Mientras los indicadores oficiales muestran una caída de la pobreza, economistas advierten que los datos no se alinean con la realidad económica: caída del salario, aumento del desempleo y una fuerte sospecha sobre la medición del ingreso informal.

La reciente publicación de datos oficiales que ubican la pobreza en el 28,2% encendió un debate técnico y político. Aunque el número representa una baja significativa respecto al 41,7% registrado previamente, distintos analistas advierten que la mejora no se condice con el deterioro de variables clave de la economía.
El economista Guido Agostinelli dialogó con Alejandro López en su programa Al Final de Todo por LU5,puso en duda la consistencia del dato al señalar que los salarios registrados continúan perdiendo frente a la inflación, con una caída del 2,3% en términos reales, mientras que en el sector público el deterioro alcanza el 17,9%.
A esto se suma un contexto laboral complejo: el desempleo se ubica en torno al 7,5%, se perdieron más de 270.000 puestos de trabajo registrados —mayoritariamente en el sector privado— y cerraron aproximadamente 22.000 empresas en el último período. En paralelo, la recaudación del IVA muestra caídas de entre el 4% y el 6%, y la recaudación total supera el 8% de descenso, reflejando una economía con menor nivel de actividad.
Uno de los puntos más controversiales radica en la evolución del salario informal. Según los datos difundidos por el INDEC, este segmento habría crecido cerca de un 70% por encima de la inflación desde noviembre de 2023, un comportamiento inédito en las series históricas.
El problema es metodológico y conceptual. A diferencia del empleo formal, el ingreso informal no cuenta con registros administrativos, sino que se construye a partir de encuestas. Esto introduce márgenes de error vinculados a la declaración de ingresos por parte de los encuestados y a la representatividad de la muestra.

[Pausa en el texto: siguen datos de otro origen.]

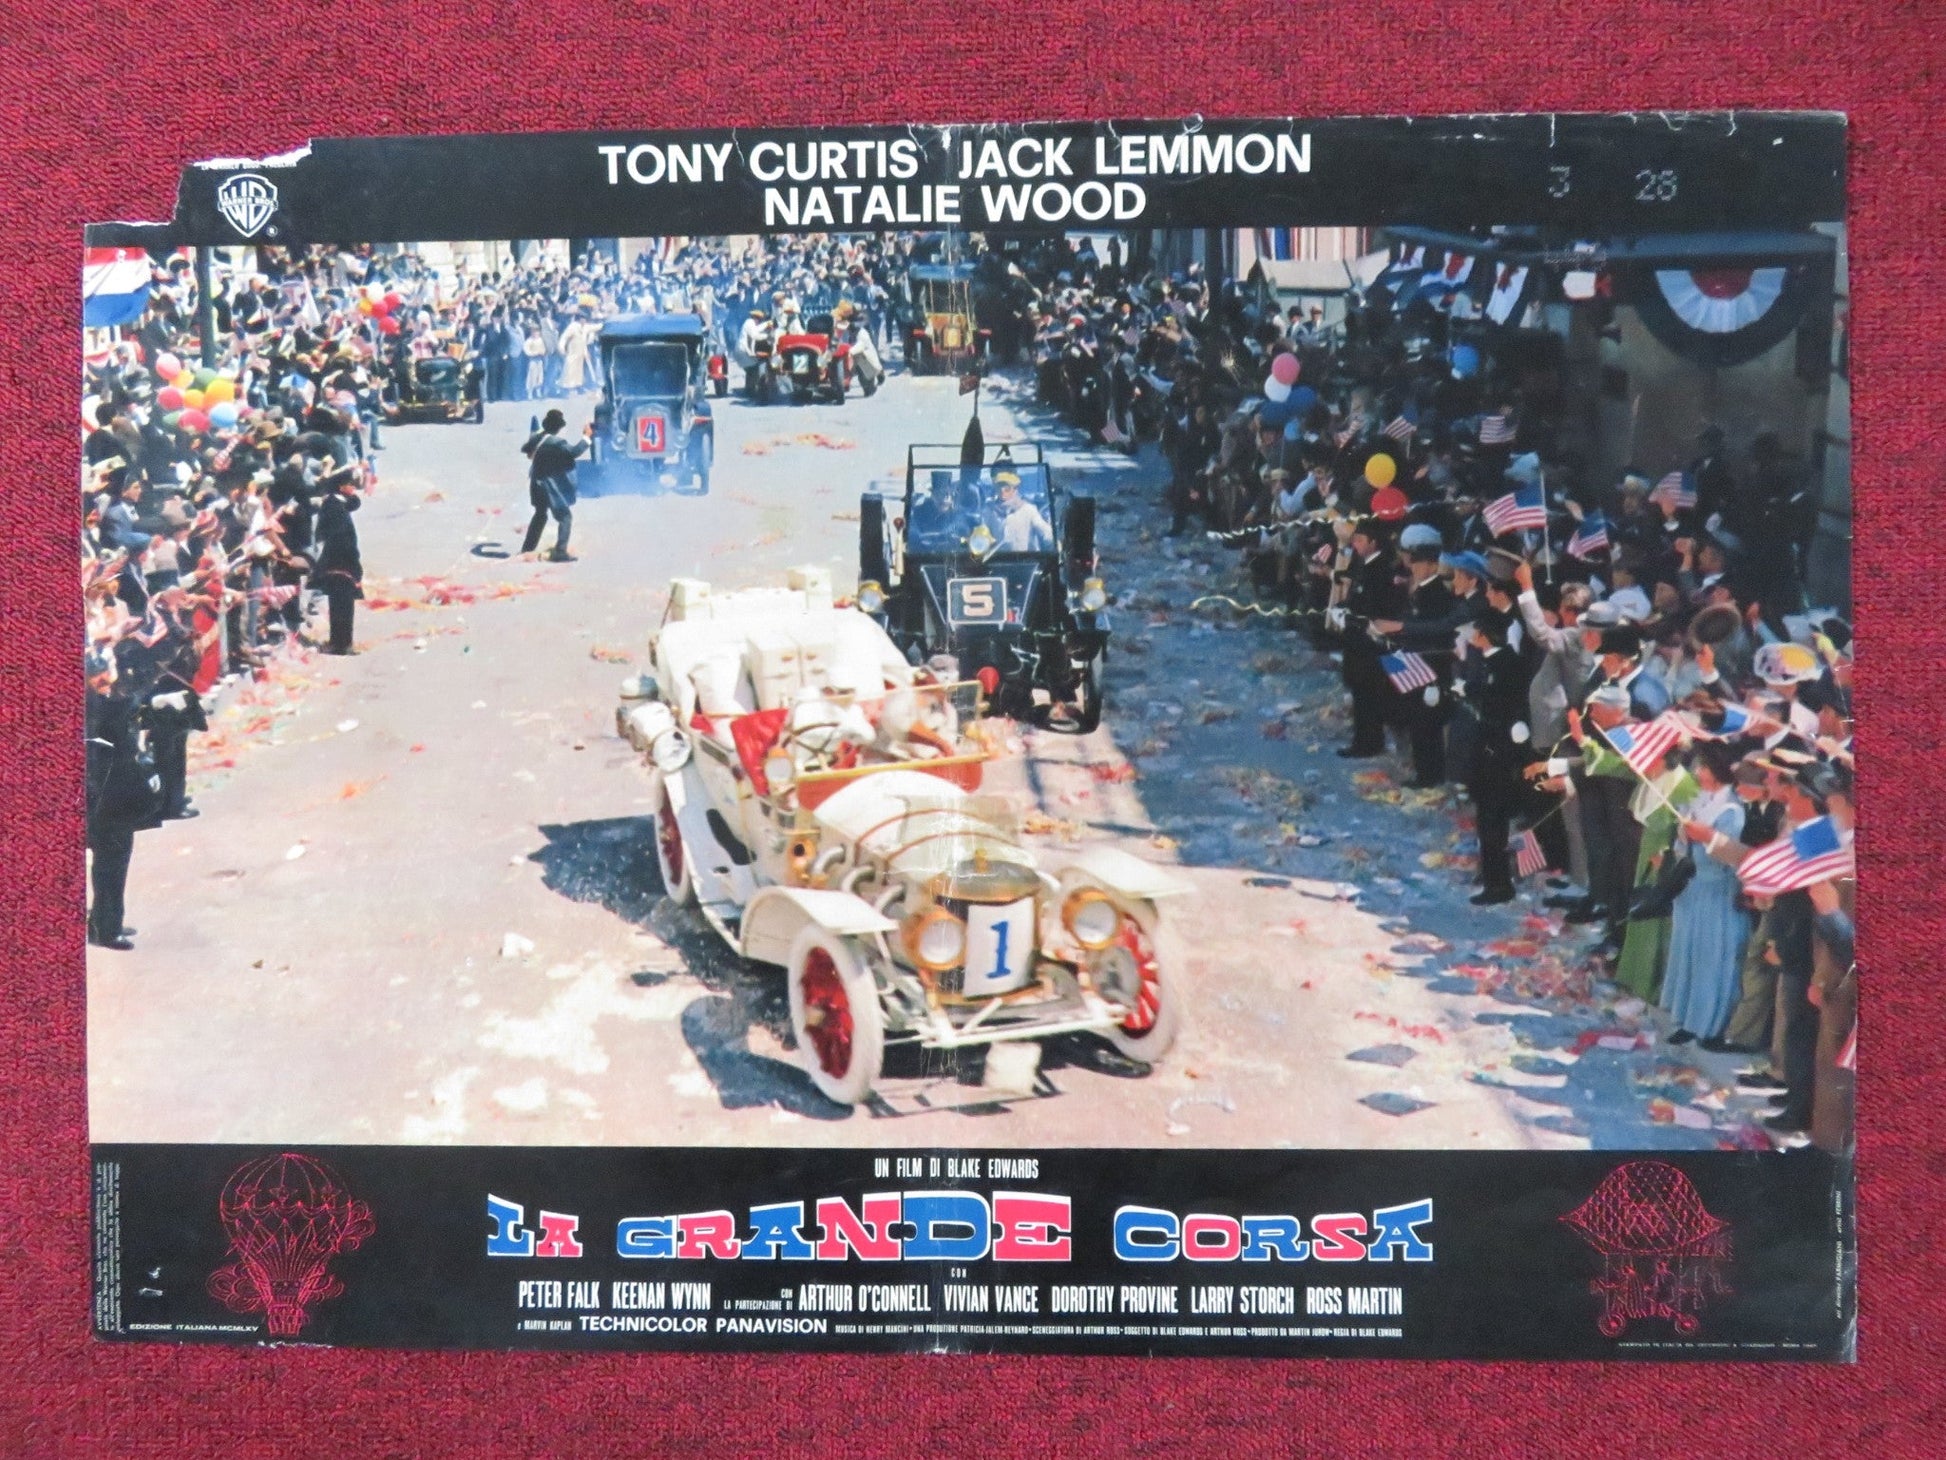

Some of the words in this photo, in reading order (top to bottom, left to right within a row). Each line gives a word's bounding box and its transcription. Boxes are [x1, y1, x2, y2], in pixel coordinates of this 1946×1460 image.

[599, 143, 733, 184] TONY
[750, 139, 919, 182] CURTIS
[958, 137, 1074, 179] JACK
[1096, 133, 1312, 176] LEMMON
[764, 185, 961, 226] NATALIE
[981, 181, 1147, 222] WOOD
[643, 421, 659, 447] 4
[961, 584, 994, 617] 5
[986, 920, 1012, 979] 1
[874, 1158, 890, 1178] UN
[896, 1158, 923, 1178] FILM
[930, 1158, 941, 1178] DI
[947, 1158, 981, 1178] BLAKE
[988, 1158, 1039, 1179] EDWARDS
[487, 1193, 583, 1258] LA
[616, 1190, 1072, 1262] GRANDE
[1113, 1198, 1433, 1262] CORSA
[518, 1280, 562, 1309] PETER
[567, 1281, 600, 1309] FALK
[612, 1282, 665, 1310] KEENAN
[671, 1282, 711, 1311] WYNN
[723, 1300, 732, 1310] LA
[798, 1284, 853, 1312] ARTHUR
[858, 1284, 931, 1312] O'CONNELL
[944, 1284, 989, 1313] VIVIAN
[995, 1285, 1039, 1313] VANCE
[1051, 1286, 1114, 1314] DOROTHY
[1121, 1286, 1179, 1314] PROVINE
[1190, 1286, 1234, 1314] LARRY
[1240, 1287, 1294, 1315] STORCH
[1306, 1287, 1342, 1315] ROSS
[1348, 1287, 1403, 1315] MARTIN
[129, 1323, 172, 1331] EDIZIONE
[176, 1323, 218, 1332] ITALIANA
[579, 1316, 707, 1332] TECHNICOLOR
[716, 1318, 827, 1333] PANAVISION

“Una discrepancia tan grande entre salarios formales e informales no tiene antecedentes recientes”, advirtió Agostinelli, quien además solicitó formalmente información al organismo estadístico para determinar si hubo modificaciones en la metodología de medición.

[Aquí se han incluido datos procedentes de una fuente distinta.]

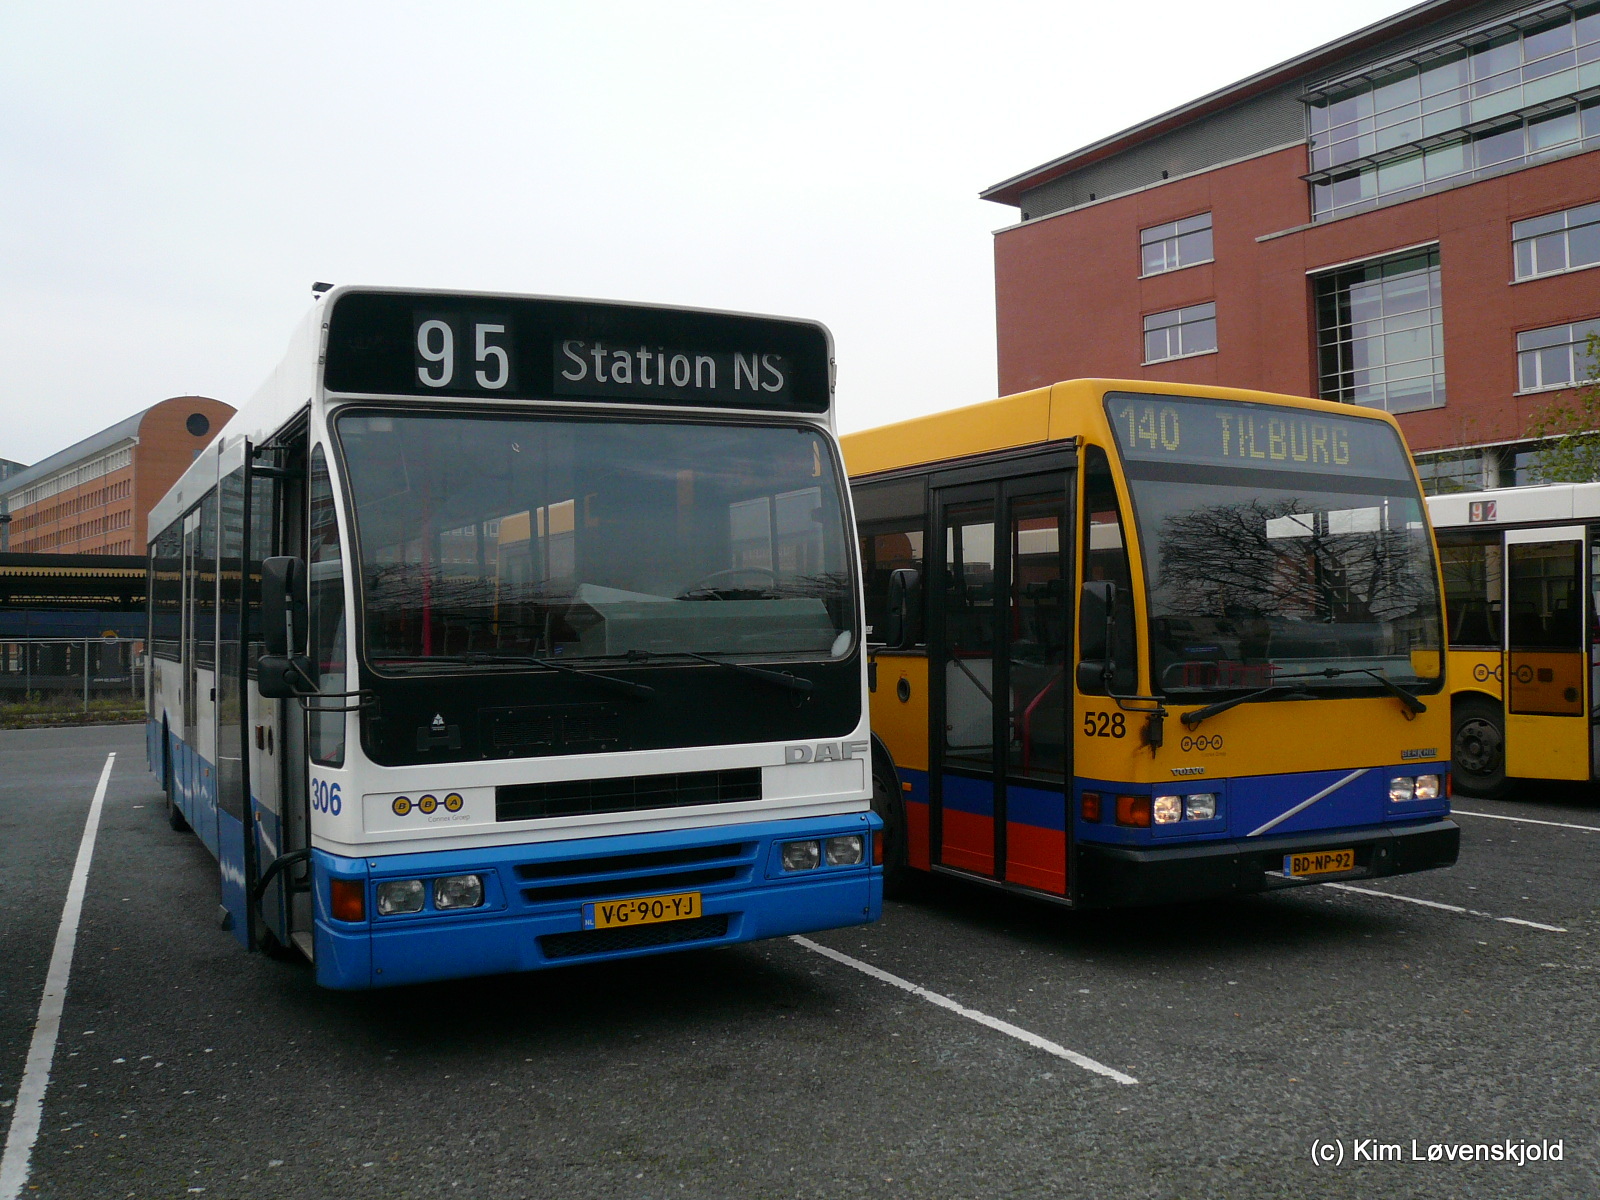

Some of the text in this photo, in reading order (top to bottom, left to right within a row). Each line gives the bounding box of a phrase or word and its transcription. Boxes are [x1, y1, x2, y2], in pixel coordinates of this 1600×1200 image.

[417, 319, 784, 392] 95 Station NS
[1119, 402, 1350, 465] 140 TILBURG
[1471, 501, 1497, 522] 92
[1084, 711, 1126, 738] 528
[785, 740, 868, 764] DAF
[1171, 767, 1205, 776] VOLVO
[312, 777, 342, 816] 306
[1293, 853, 1351, 873] BD-NP-92
[585, 918, 594, 926] NL

El impacto de esta distorsión es directo sobre el índice de pobreza. Un aumento significativo en los ingresos informales puede reducir artificialmente la cantidad de personas bajo la línea de pobreza, incluso en un contexto de deterioro generalizado del mercado laboral.
En cuanto a la estructura social, los datos muestran una tendencia sostenida: reducción de la clase media, expansión de los sectores medios-bajos y mantenimiento de una élite económica estable, que ronda el 5% de la población. Este proceso acerca la configuración social argentina a patrones más desiguales, similares a los de otros países de América Latina.
Aunque algunos indicadores sociales muestran mejoras, la falta de coherencia entre las distintas variables económicas abre interrogantes sobre la sostenibilidad de esta aparente recuperación. En este escenario, la transparencia metodológica y la consistencia estadística se vuelven claves para interpretar el verdadero estado de la economía argentina.